**TASK**
A word-for-word copy of the entries is needed, and it should contain no images.

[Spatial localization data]
BEGIN
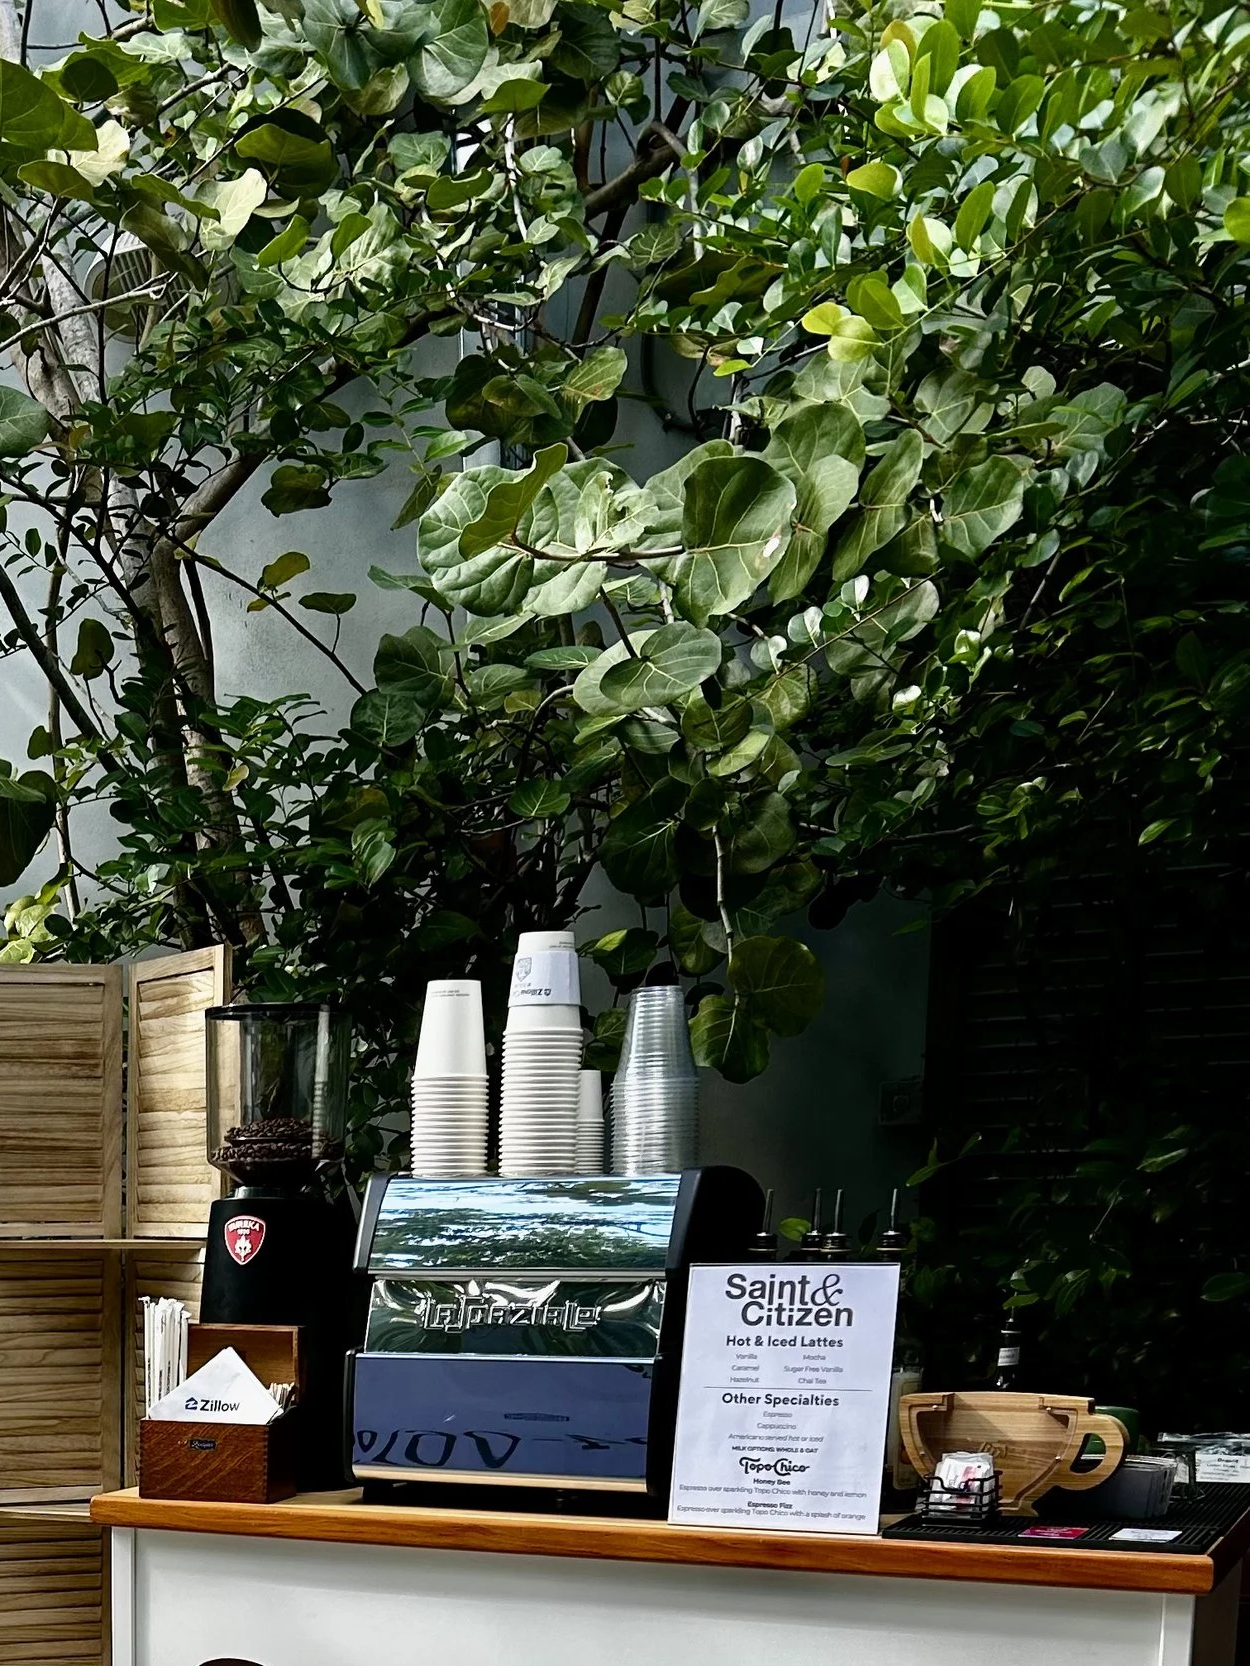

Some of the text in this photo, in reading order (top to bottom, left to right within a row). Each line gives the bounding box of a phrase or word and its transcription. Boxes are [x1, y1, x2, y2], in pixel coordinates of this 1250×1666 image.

[741, 1301, 853, 1326] Citizen
[726, 1335, 844, 1348] Hot & Iced Lattes
[783, 1365, 804, 1374] Sugar
[821, 1366, 844, 1374] Vanilla
[721, 1392, 840, 1407] Other Specialties
[200, 1399, 240, 1412] Zillow
[756, 1422, 797, 1430] Cappuccino
[728, 1433, 764, 1441] Americano
[753, 1478, 776, 1486] Honey
[754, 1487, 770, 1495] Topo
[807, 1490, 830, 1498] honey
[747, 1501, 778, 1509] Espresso
[752, 1508, 769, 1516] Topo
END
**TASK RESPONSE**
Some of the text in this photo, in reading order (top to bottom, left to right within a row). Each line gives the bounding box of a phrase or word and its transcription. Boxes are [x1, y1, x2, y2], in pixel coordinates of this 1250×1666 image.

[741, 1301, 853, 1326] Citizen
[726, 1335, 844, 1348] Hot & Iced Lattes
[783, 1365, 804, 1374] Sugar
[821, 1366, 844, 1374] Vanilla
[721, 1392, 840, 1407] Other Specialties
[200, 1399, 240, 1412] Zillow
[756, 1422, 797, 1430] Cappuccino
[728, 1433, 764, 1441] Americano
[753, 1478, 776, 1486] Honey
[754, 1487, 770, 1495] Topo
[807, 1490, 830, 1498] honey
[747, 1501, 778, 1509] Espresso
[752, 1508, 769, 1516] Topo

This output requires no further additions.